[Your objective]
Repeat verbatim the lines of the data below, beginning with the line containing "this 1429×1429 image." and continuing to the end.

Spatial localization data

::::::::

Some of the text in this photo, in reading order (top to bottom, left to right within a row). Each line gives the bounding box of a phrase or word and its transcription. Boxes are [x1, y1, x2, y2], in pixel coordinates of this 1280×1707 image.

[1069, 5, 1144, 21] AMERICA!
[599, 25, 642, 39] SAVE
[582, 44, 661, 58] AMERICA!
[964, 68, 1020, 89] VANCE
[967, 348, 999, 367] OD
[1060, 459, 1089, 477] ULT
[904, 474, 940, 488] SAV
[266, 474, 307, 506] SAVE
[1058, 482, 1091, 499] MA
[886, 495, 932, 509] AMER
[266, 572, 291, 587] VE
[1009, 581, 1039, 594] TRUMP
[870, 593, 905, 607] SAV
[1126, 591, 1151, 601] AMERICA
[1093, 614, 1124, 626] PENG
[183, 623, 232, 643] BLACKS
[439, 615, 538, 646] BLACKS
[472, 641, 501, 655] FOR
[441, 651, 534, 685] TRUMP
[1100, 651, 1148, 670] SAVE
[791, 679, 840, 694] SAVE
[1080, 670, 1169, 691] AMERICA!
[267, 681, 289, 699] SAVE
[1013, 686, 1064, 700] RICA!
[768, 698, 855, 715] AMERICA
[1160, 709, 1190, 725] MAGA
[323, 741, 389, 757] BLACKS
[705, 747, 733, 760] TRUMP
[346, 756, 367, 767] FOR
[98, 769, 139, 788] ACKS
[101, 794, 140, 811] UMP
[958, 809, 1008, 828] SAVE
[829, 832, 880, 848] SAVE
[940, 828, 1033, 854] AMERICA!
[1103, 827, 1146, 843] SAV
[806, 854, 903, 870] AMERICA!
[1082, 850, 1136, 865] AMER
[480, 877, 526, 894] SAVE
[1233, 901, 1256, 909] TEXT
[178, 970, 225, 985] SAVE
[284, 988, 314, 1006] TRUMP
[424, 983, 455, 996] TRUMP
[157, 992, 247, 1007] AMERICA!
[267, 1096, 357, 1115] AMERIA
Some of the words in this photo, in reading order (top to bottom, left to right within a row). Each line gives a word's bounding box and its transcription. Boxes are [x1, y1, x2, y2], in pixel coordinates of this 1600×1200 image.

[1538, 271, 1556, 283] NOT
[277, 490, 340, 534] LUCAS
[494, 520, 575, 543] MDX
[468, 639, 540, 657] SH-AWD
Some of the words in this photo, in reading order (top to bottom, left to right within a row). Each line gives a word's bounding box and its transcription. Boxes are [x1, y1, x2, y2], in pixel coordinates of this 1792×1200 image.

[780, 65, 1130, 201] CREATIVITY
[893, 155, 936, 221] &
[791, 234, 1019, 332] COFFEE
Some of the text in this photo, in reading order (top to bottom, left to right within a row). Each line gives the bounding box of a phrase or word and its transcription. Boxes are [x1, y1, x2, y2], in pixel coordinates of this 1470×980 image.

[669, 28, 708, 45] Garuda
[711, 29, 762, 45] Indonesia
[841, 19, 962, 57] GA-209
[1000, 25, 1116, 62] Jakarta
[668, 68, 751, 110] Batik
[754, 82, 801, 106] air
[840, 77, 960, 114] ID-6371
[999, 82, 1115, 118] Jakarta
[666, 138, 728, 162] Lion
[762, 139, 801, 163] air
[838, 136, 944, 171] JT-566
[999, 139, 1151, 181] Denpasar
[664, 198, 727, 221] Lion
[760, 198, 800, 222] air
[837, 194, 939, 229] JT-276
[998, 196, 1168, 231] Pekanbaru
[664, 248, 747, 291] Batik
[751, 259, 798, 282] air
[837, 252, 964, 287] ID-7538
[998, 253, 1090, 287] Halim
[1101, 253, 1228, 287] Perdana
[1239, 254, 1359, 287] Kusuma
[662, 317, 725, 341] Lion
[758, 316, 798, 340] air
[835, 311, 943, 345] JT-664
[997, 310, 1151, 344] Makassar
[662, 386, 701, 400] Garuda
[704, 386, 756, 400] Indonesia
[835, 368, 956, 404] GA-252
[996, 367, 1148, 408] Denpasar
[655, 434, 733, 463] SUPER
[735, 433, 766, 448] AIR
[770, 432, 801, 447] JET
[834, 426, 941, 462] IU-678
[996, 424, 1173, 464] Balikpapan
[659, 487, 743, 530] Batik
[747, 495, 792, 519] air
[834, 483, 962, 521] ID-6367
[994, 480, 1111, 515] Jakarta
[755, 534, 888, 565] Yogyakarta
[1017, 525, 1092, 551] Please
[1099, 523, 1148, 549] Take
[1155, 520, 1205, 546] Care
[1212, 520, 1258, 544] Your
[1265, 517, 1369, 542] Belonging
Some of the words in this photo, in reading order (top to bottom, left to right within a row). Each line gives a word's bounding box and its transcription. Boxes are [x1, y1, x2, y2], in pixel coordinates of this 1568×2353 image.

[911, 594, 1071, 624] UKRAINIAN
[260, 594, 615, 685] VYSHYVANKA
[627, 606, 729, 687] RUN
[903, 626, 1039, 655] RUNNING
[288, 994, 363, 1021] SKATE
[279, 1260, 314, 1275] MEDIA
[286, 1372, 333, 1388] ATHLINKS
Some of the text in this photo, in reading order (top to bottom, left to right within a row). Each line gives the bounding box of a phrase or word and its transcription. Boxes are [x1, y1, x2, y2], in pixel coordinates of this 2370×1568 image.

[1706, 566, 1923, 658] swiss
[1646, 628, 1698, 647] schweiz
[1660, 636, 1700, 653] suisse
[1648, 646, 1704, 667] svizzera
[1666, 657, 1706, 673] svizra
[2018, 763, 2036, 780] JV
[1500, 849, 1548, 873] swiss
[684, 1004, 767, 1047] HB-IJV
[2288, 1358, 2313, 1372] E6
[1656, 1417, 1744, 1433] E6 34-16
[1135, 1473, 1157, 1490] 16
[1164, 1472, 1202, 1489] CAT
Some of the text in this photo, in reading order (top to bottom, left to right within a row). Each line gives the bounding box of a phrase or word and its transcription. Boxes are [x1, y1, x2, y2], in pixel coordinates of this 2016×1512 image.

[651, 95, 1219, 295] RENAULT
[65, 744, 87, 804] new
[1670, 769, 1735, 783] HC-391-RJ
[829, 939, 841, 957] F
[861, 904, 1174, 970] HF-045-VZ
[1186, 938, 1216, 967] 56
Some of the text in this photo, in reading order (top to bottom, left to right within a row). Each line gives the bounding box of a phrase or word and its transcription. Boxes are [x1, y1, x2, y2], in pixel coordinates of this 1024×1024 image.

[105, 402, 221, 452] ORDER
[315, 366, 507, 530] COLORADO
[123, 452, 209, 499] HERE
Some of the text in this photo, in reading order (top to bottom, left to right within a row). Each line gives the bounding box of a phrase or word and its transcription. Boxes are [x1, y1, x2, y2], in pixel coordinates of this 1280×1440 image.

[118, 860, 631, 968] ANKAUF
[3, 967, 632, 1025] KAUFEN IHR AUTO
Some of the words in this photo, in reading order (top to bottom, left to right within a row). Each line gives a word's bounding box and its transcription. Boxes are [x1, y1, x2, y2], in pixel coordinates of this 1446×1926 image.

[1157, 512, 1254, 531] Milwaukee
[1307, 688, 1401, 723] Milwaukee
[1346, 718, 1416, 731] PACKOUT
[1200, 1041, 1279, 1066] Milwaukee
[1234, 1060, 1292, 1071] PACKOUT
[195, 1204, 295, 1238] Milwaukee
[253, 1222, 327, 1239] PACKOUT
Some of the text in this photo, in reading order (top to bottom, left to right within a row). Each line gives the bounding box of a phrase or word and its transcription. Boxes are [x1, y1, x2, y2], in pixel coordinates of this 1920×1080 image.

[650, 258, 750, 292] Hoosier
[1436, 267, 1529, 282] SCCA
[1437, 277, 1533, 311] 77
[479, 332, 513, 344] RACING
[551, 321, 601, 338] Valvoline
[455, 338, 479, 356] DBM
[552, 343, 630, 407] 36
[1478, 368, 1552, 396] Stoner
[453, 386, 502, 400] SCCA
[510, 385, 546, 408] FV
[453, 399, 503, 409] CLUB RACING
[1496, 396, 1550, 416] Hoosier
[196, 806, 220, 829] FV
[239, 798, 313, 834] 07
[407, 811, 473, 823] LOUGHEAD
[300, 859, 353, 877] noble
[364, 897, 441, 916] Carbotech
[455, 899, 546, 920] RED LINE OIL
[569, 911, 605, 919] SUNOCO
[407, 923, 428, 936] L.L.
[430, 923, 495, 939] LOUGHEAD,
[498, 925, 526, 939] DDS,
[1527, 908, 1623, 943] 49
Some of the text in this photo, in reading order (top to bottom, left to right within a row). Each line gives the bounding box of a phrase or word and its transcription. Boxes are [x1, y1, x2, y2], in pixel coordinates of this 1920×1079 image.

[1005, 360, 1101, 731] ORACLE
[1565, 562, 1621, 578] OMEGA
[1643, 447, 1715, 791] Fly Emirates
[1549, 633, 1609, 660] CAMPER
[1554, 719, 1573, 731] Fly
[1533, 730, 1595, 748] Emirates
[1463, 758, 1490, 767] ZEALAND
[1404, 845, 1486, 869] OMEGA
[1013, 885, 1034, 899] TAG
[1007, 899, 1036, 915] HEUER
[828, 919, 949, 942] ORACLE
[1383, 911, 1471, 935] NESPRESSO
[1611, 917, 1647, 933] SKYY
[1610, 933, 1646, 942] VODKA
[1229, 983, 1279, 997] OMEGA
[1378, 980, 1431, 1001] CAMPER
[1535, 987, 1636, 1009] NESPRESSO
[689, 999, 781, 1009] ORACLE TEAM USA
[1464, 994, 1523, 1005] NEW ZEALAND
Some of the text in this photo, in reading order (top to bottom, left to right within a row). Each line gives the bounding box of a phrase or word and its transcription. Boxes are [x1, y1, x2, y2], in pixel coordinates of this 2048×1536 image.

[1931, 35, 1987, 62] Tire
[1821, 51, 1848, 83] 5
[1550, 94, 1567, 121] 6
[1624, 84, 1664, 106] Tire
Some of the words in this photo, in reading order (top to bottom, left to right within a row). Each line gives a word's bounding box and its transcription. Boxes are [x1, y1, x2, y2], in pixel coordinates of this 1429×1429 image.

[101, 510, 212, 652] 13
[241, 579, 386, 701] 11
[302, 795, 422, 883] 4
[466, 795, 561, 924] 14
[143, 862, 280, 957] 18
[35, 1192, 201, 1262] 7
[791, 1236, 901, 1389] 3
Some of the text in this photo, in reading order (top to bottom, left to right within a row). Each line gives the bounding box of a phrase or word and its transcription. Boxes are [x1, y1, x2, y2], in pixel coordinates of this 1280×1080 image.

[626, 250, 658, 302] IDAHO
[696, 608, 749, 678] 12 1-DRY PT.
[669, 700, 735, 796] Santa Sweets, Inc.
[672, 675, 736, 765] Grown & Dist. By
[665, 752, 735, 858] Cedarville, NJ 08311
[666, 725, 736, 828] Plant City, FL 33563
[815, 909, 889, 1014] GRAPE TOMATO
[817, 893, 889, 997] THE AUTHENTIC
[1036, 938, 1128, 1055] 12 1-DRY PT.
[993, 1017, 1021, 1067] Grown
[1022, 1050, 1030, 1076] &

::::::::

[Completed exercise]
Some of the words in this photo, in reading order (top to bottom, left to right within a row). Each line gives a word's bounding box and its transcription. Boxes are [x1, y1, x2, y2], in pixel coordinates of this 1429×1429 image.

[101, 510, 212, 652] 13
[241, 579, 386, 701] 11
[302, 795, 422, 883] 4
[466, 795, 561, 924] 14
[143, 862, 280, 957] 18
[35, 1192, 201, 1262] 7
[791, 1236, 901, 1389] 3
Some of the text in this photo, in reading order (top to bottom, left to right within a row). Each line gives the bounding box of a phrase or word and its transcription. Boxes are [x1, y1, x2, y2], in pixel coordinates of this 1280×1080 image.

[626, 250, 658, 302] IDAHO
[696, 608, 749, 678] 12 1-DRY PT.
[669, 700, 735, 796] Santa Sweets, Inc.
[672, 675, 736, 765] Grown & Dist. By
[665, 752, 735, 858] Cedarville, NJ 08311
[666, 725, 736, 828] Plant City, FL 33563
[815, 909, 889, 1014] GRAPE TOMATO
[817, 893, 889, 997] THE AUTHENTIC
[1036, 938, 1128, 1055] 12 1-DRY PT.
[993, 1017, 1021, 1067] Grown
[1022, 1050, 1030, 1076] &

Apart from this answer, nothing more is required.